Department of Biological Sciences, Myongji University, Yongin, 17058, Republic of Korea.
J Microbiol. 2021 Jul;59(7):666-674. doi: 10.1007/s12275-021-1130-8. Epub 2021 May 15.
The inner membrane protein lipopolysaccharide assembly protein B (LapB) is an adaptor protein that activates the proteolysis of LpxC by an essential inner membrane metalloprotease, FtsH, leading to a decrease in the level of lipopolysaccharide in the membrane. In this study, we revealed the mechanism by which the essential inner membrane protein YejM regulates LapB and analyzed the role of the transmembrane domain of LapB in Escherichia coli. The transmembrane domain of YejM genetically and physically interacted with LapB and inhibited its function, which led to the accumulation of LpxC. The transmembrane domain of LapB was indispensable for both its physical interaction with YejM and its regulation of LpxC proteolysis. Notably, we found that the lapB mutant exhibited strong cold sensitivity and this phenotype was not associated with increased accumulation of LpxC. The transmembrane domain of LapB was also required for its role in adaptation to cold stress. Taken together, these results showed that LapB plays an important role in both the regulation of LpxC level, which is controlled by its interaction with the transmembrane domain of YejM, and adaptation to cold stress, which is independent of LpxC.

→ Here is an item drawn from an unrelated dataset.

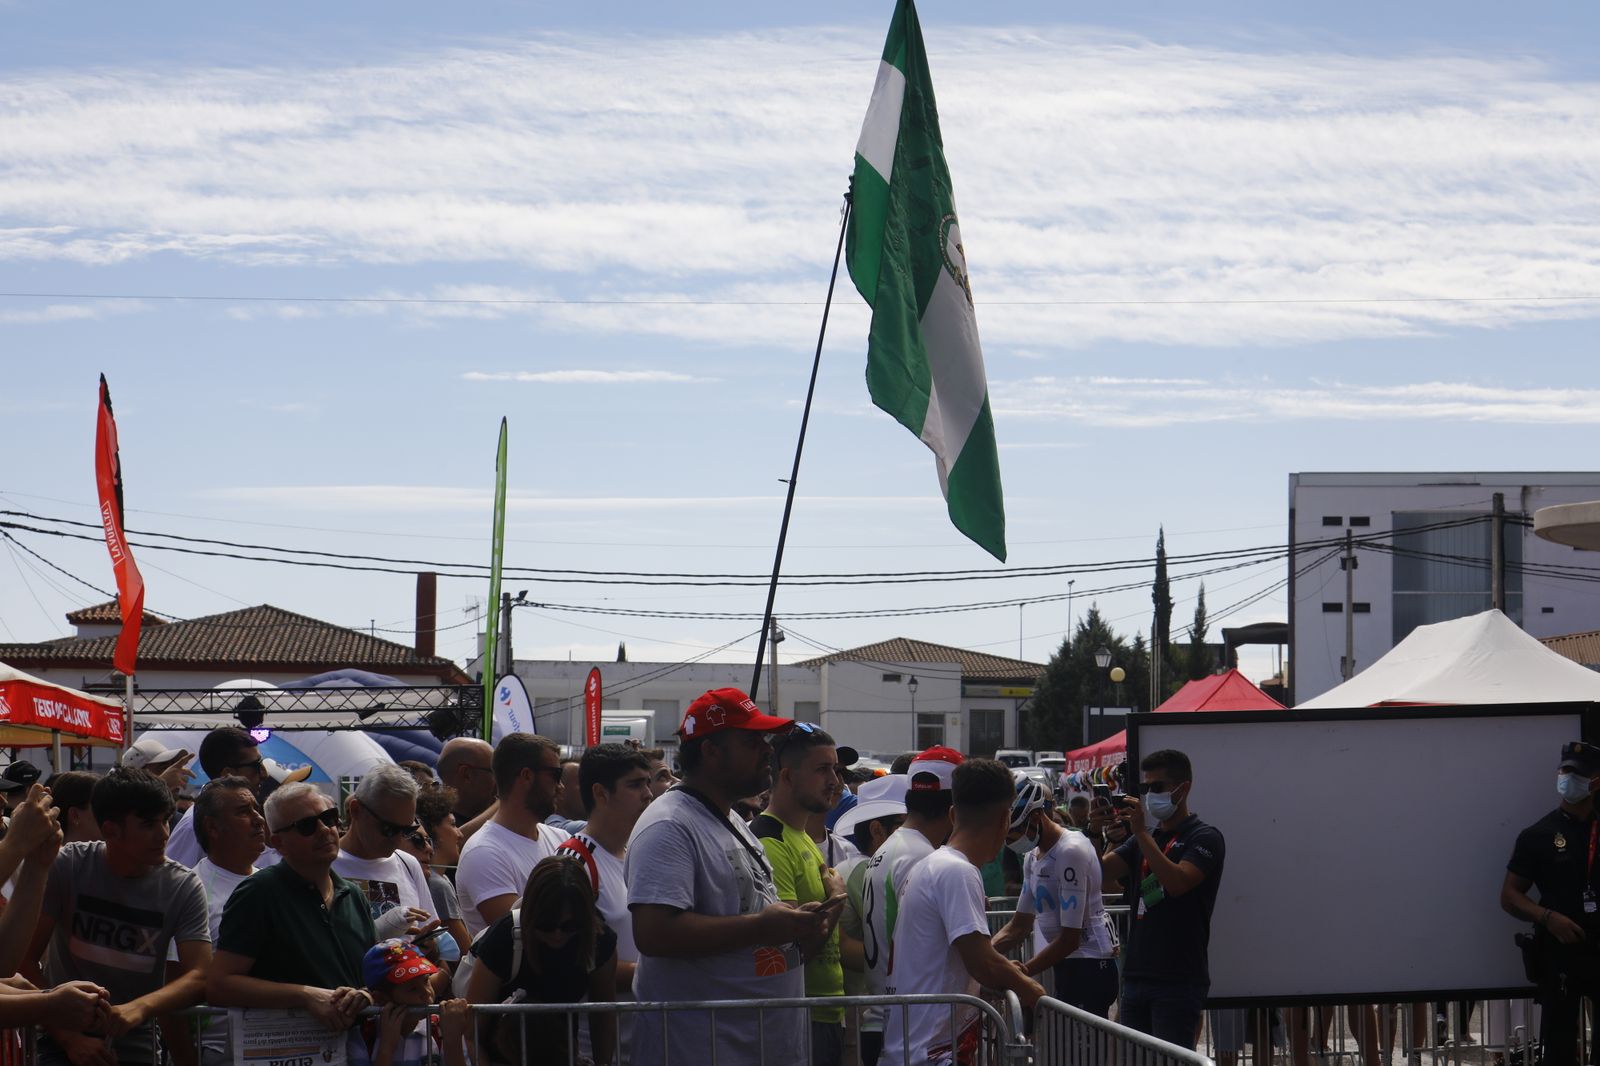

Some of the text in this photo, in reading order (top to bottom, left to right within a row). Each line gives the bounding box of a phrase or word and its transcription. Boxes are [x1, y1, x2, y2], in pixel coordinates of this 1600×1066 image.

内膜蛋白脂多糖组装蛋白 B(LapB)是一种衔接蛋白,可激活必需内膜金属蛋白酶 FtsH 对 LpxC 的蛋白水解,导致膜中脂多糖水平降低。在这项研究中,我们揭示了必需内膜蛋白 YejM 调节 LapB 的机制,并分析了 LapB 跨膜结构域在大肠杆菌中的作用。YejM 的跨膜结构域在遗传和物理上与 LapB 相互作用并抑制其功能,导致 LpxC 积累。LapB 的跨膜结构域对于其与 YejM 的物理相互作用及其对 LpxC 蛋白水解的调节都是必不可少的。值得注意的是,我们发现 lapB 突变体表现出强烈的冷敏感性,这种表型与 LpxC 的积累增加无关。LapB 的跨膜结构域对于其适应冷应激的作用也是必需的。总之,这些结果表明 LapB 在调节 LpxC 水平方面发挥着重要作用,这种调节是通过其与 YejM 的跨膜结构域相互作用来控制的,并且在适应冷应激方面发挥着重要作用,这与 LpxC 无关。